Not only did Jesus begin to keep the Law at His
circumcision, in order to redeem us who were under the Law, but this
was also the first time His blood was spilled for us. It would be
spilled again for us on the cross, and it’s this blood that
cleanses us from all sin as it’s applied to us at our
Baptism. Baptism is our circumcision as Christians today.
It is by way of our Baptism that Paul says, “In [Jesus] you also
were circumcised with a circumcision made without hands, by putting off
the body of the flesh, by the circumcision of Christ, having been
buried with him in baptism, in which you were also raised with Him
through faith in the powerful working of God, who raised Him from the
dead.” Baptism is the sign that God has given to us to
remind us of the fact that through it Jesus has washed away our sins
with His blood and that we are His holy people, set apart to be His
very own, purchased at the cost of His Son, crucified and risen from
the dead for our salvation.
Jesus’ circumcision for us means that He has
delivered us from our bondage to the Law, having fulfilled it Himself,
and that His blood was shed to atone for our sins. But it is also
when Jesus was circumcised that has significance for us as well.

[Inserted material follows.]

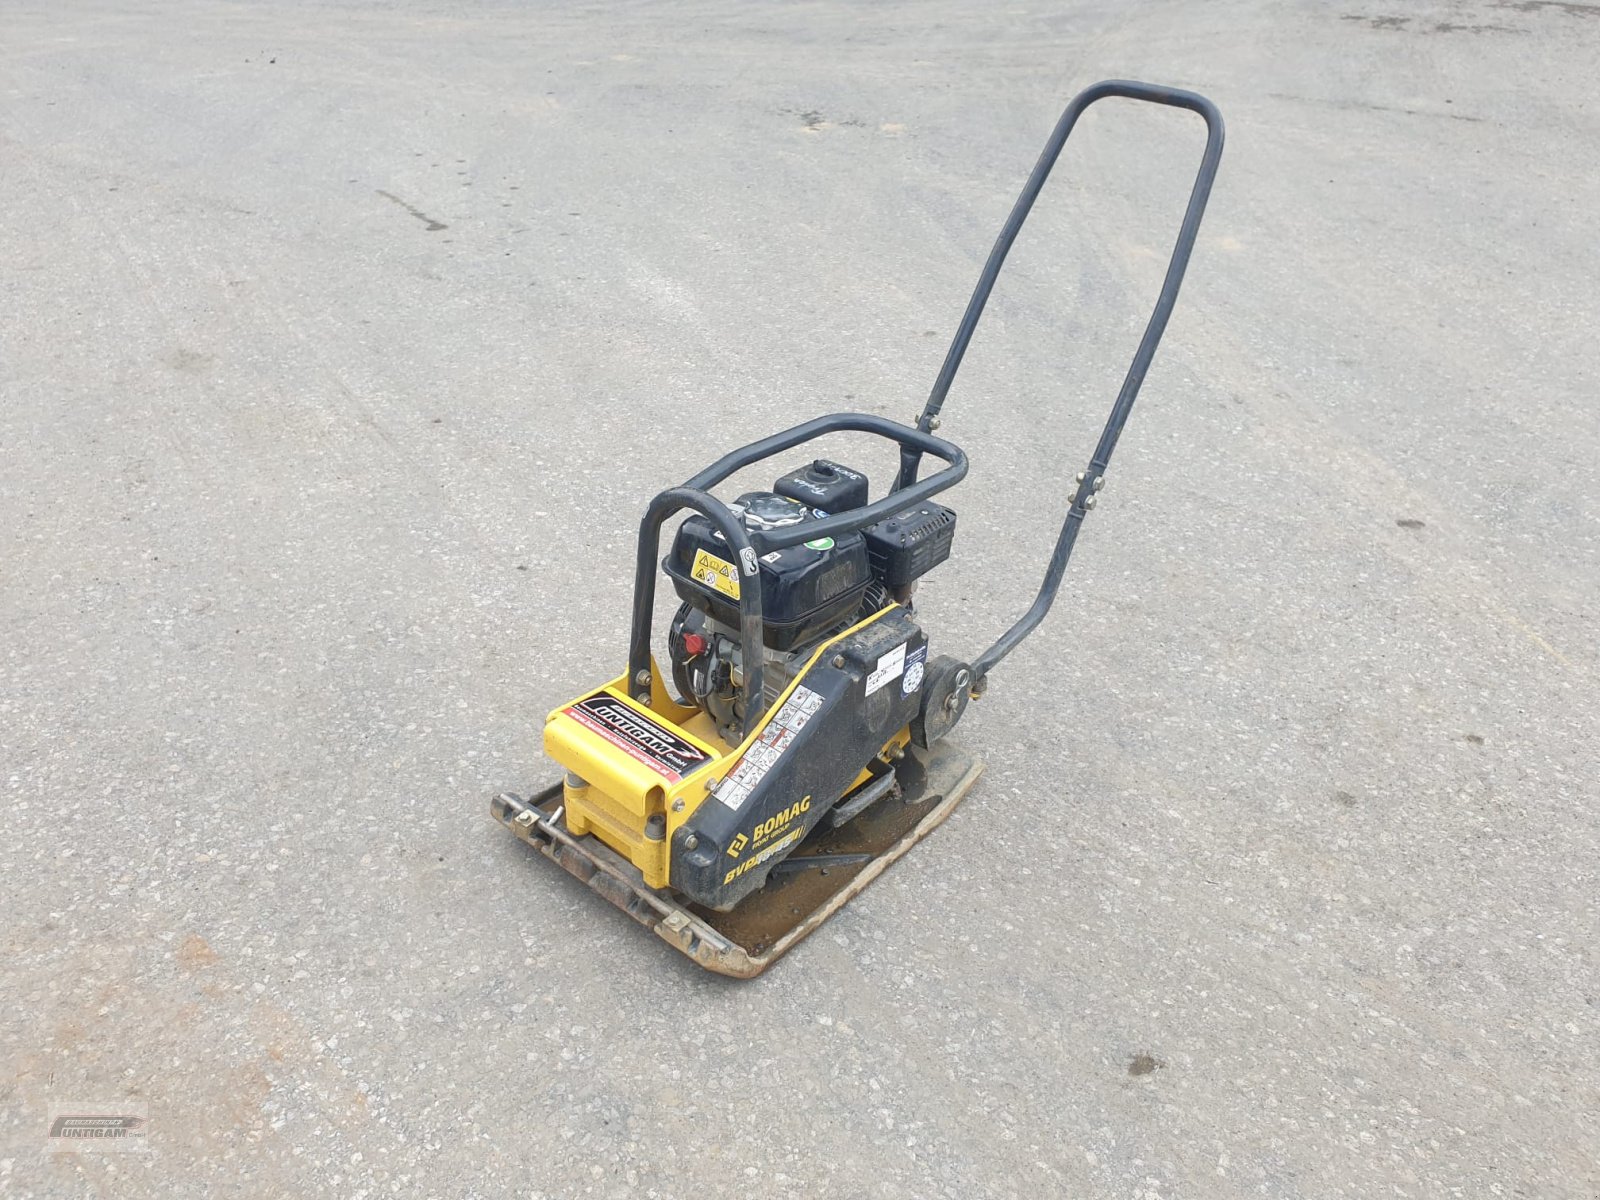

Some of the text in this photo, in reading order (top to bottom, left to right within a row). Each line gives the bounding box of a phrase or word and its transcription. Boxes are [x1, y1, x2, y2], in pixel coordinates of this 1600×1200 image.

God commanded that circumcision be performed on the eighth day after a
boy’s birth. What did this teach? The number 8 in the
Scripture represents the resurrection, the new creation, and the future
life. Circumcision, then, was a sign and guarantee of these
things to come. But Jesus is the One who ushers in this new
creation. He is not only circumcised on the eighth day but He is
risen from the dead on the eighth day, not just the first day of
another ordinary week, but the first day of a new age. And you
and I who are baptized into Christ are new creations ourselves in Him,
with the hope of the resurrection of the body and the life everlasting
to look forward to.
The Feast of the Circumcision of our Lord, then,
celebrates the first of the Father’s things our Lord had to be in
in order to achieve our salvation. As bloody, messy,
embarrassing, and uncomfortable as it is to talk about, it was
necessary for your Lord to do for you. But that’s what our
sin gets Him. It not only got Him to spill His blood at His
circumcision, but to spill His blood at the cross, in order that with
that blood you might be released from your slavery under the Law, be
cleansed from all sin, and be set apart as God’s holy people with
the promise of the resurrection of your bodies and the life of the
world to come. May our Lord’s circumcision and all the
things He has done for you bring you joy and peace throughout the new
year. Amen.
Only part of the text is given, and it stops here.